Boston Marathon bombing leads to inspirational film

By Nicholas Ospina
On September 27, 2017

Poster courtesy of Wikipedia

The film "Stronger" is more than just a feel good true story, it’s a first hand perspective of what someone goes through when suffering from post traumatic stress disorder. Jake Gyllenhaal does an amazing job in taking on the role of Jeff Bauman who tragically lost both of his legs during the Boston Marathon bombings.

Director David Gordon Green and screenwriter John Pollono did an amazing job in transitioning this true story of a man's personal struggles into a film. "Stronger" grips the audience through Jeff’s personal struggle by forcing viewers to feel his pain.

After the accident, Jeff is in such high spirits until he starts to hit a wall and fall into darkness when the realization hits him that he may never walk again. He turns to alcohol as a way to cope with his pain and becomes a drunken mess throughout the film.

In several scenes throughout the film the audience sees Jeff curled up inside his bathtub, as that is his form of escaping reality. Throughout the film Jeff is congratulated and viewed as not only a hero to Bostonians but also to the entire country, and he becomes a symbol of “Boston Strong.” He questions why people associate him with the term and view him as a symbol when he doesn’t view himself as a hero and shies away from the spotlight.

Tatiana Maslany plays Erin Hurley, Jeff’s on and off girlfriend. Maslany does a terrific job in playing Erin, as she in a way is viewed as Jeff’s lifeline. Everyone including his whole family wants the best for Jeff and tries to encourage him to make improvements, but no one really asks Jeff how he’s feeling about all this. Erin tries to help him while giving up her life in the process. One of the most powerful scenes of the film is when Erin gets into a huge argument with Jeff while he’s intoxicated. What makes this scene powerful is the change viewers see in Jeff afterward. He finally accepts help and is more driven to better his life.
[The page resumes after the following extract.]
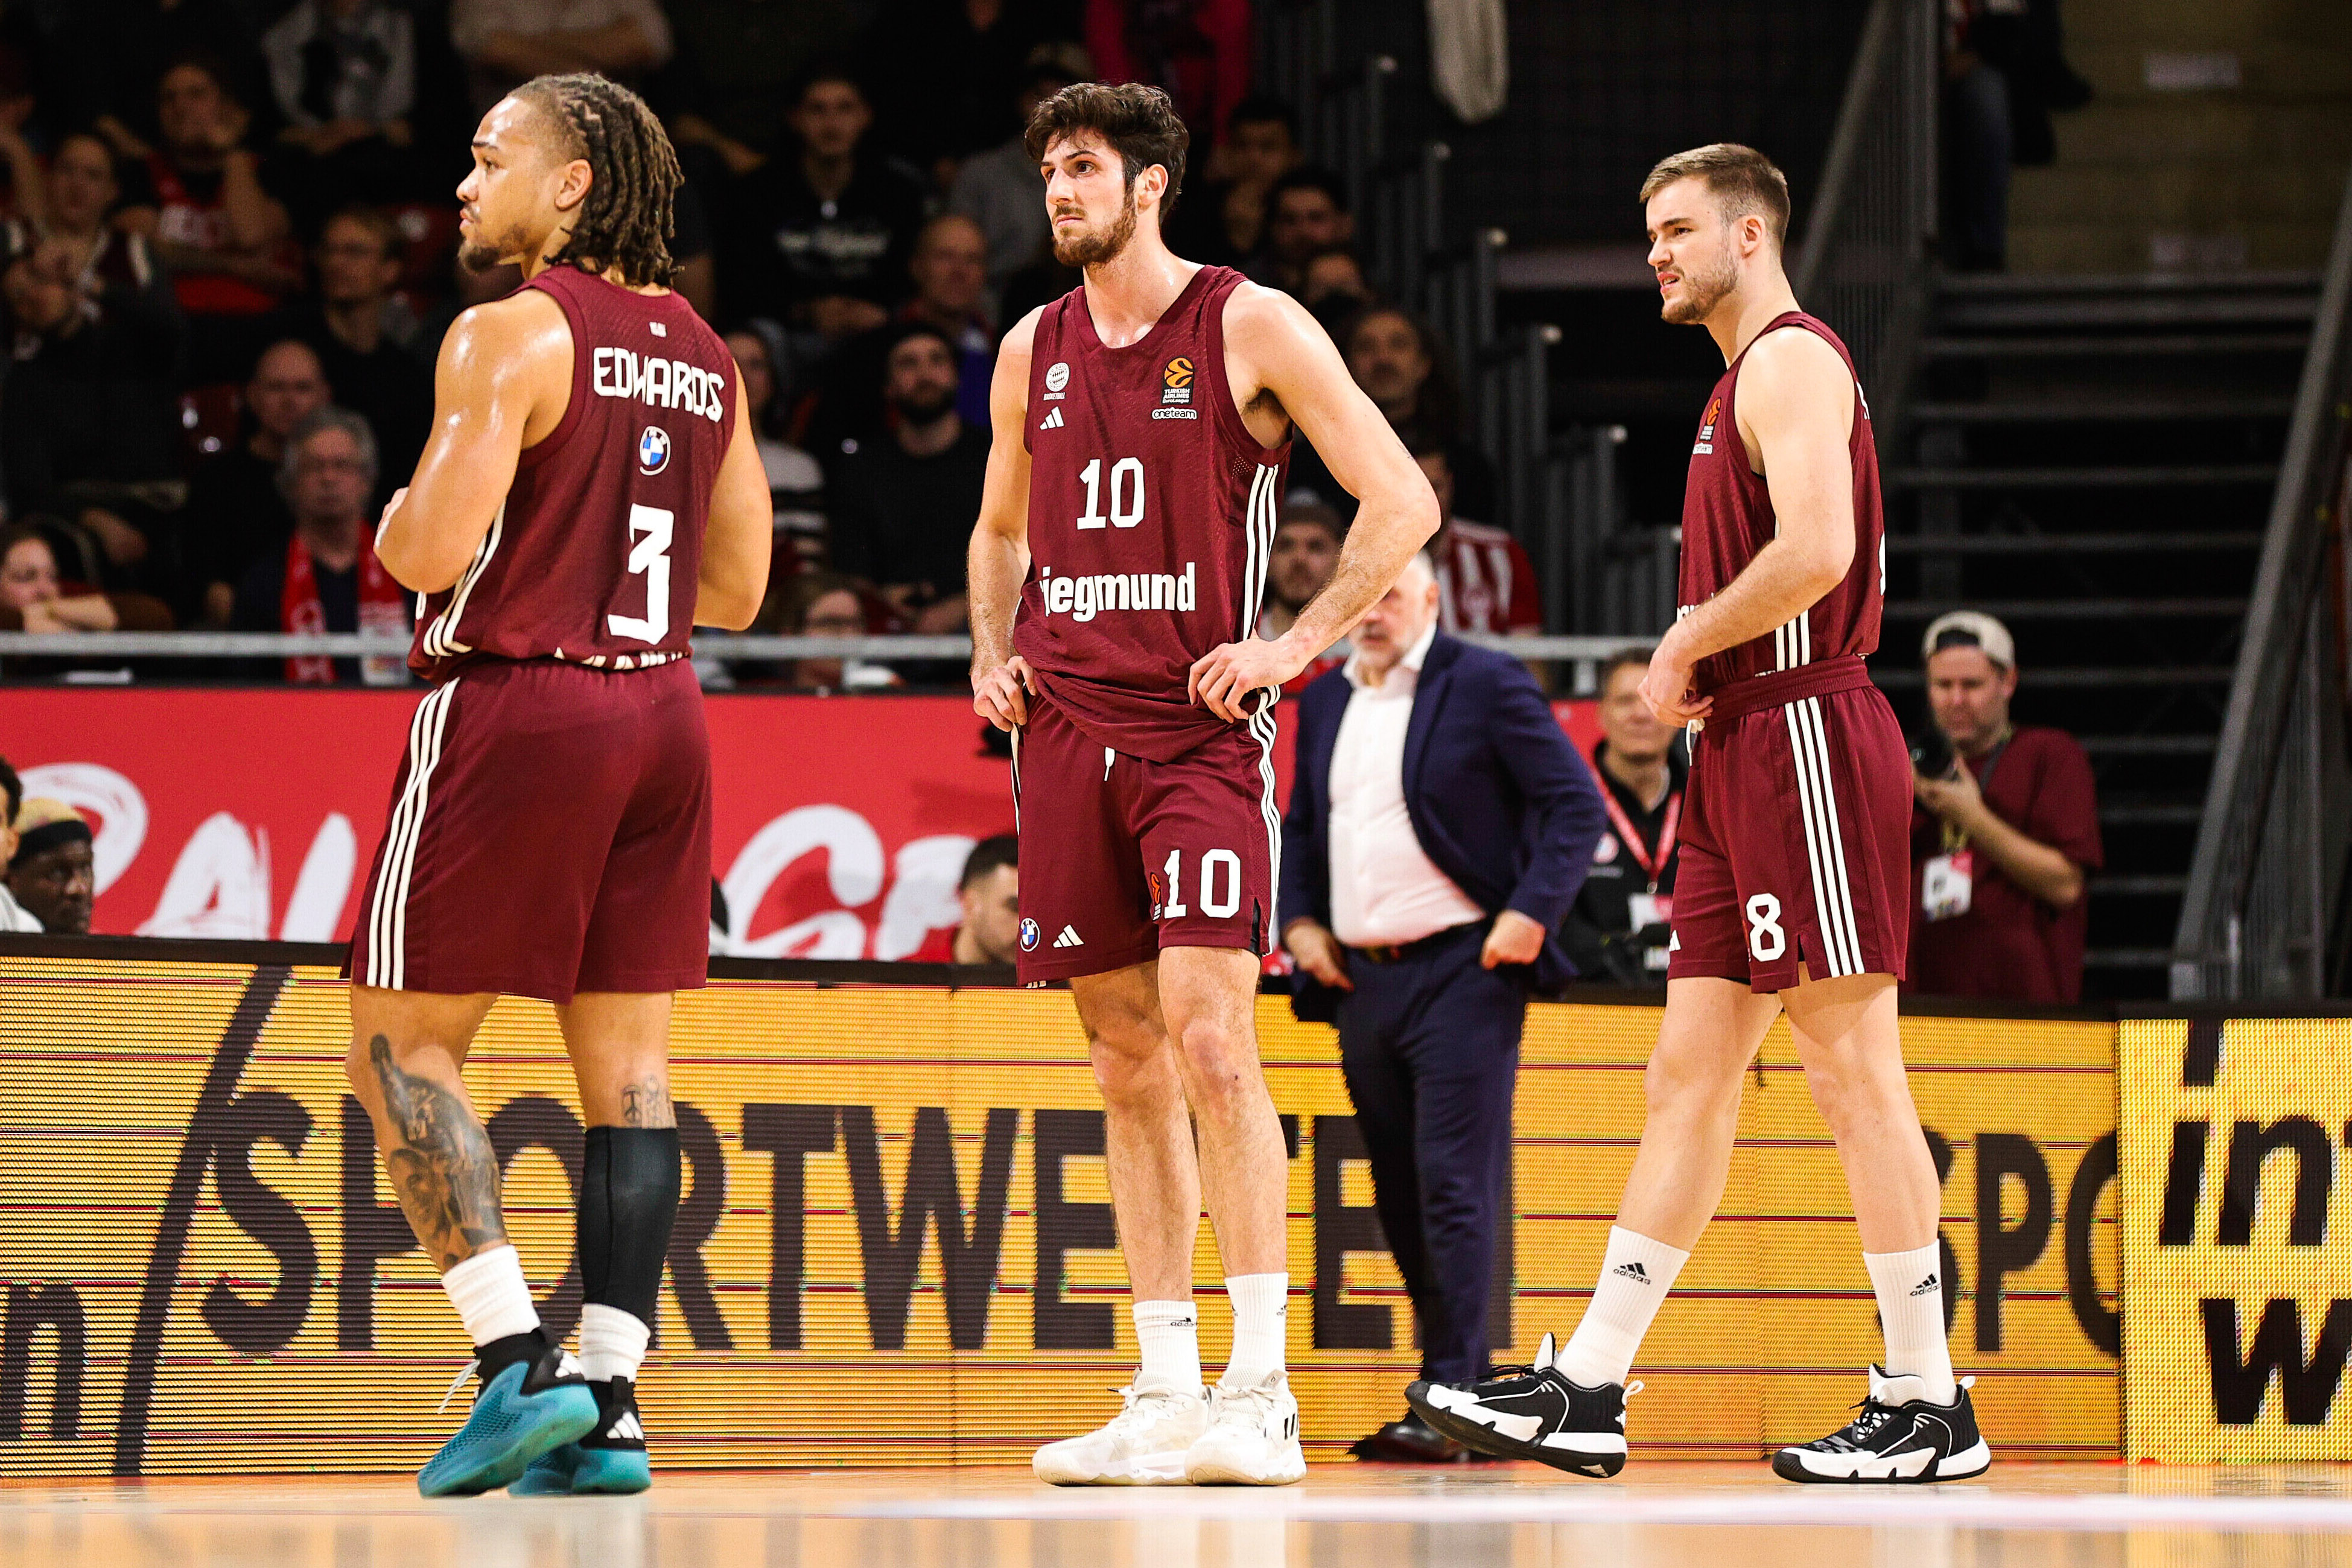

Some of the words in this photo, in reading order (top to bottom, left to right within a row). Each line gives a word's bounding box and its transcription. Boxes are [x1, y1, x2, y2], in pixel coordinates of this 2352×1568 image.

Jeff now understands that he was a victim of a horrible tragedy but that won’t stop him from becoming a better man.

Some of the shots of the film were exceptional, especially when Jeff is attempting to walk with his two prosthetic legs. Audiences can see the struggle people go through in physical therapy. Some scenes however were a bit over the top; for example, while intoxicated, Jeff and two of his friends decide to take the wheel and have one of his buddies press the pedals. Police officers pulled them over and instead of arresting or giving him a ticket, they asked Jeff for a photo. I wish the film also showed more of Jeff in rehab as he begins to take it more seriously. It would have also been great to see him getting closer to Carlos Arredondo, the man who helped get Jeff onto a stretcher and into the hospital.

Stronger is not to be mistaken as a heroic film; instead, it’s an inspirational film that will leave moviegoers in tears.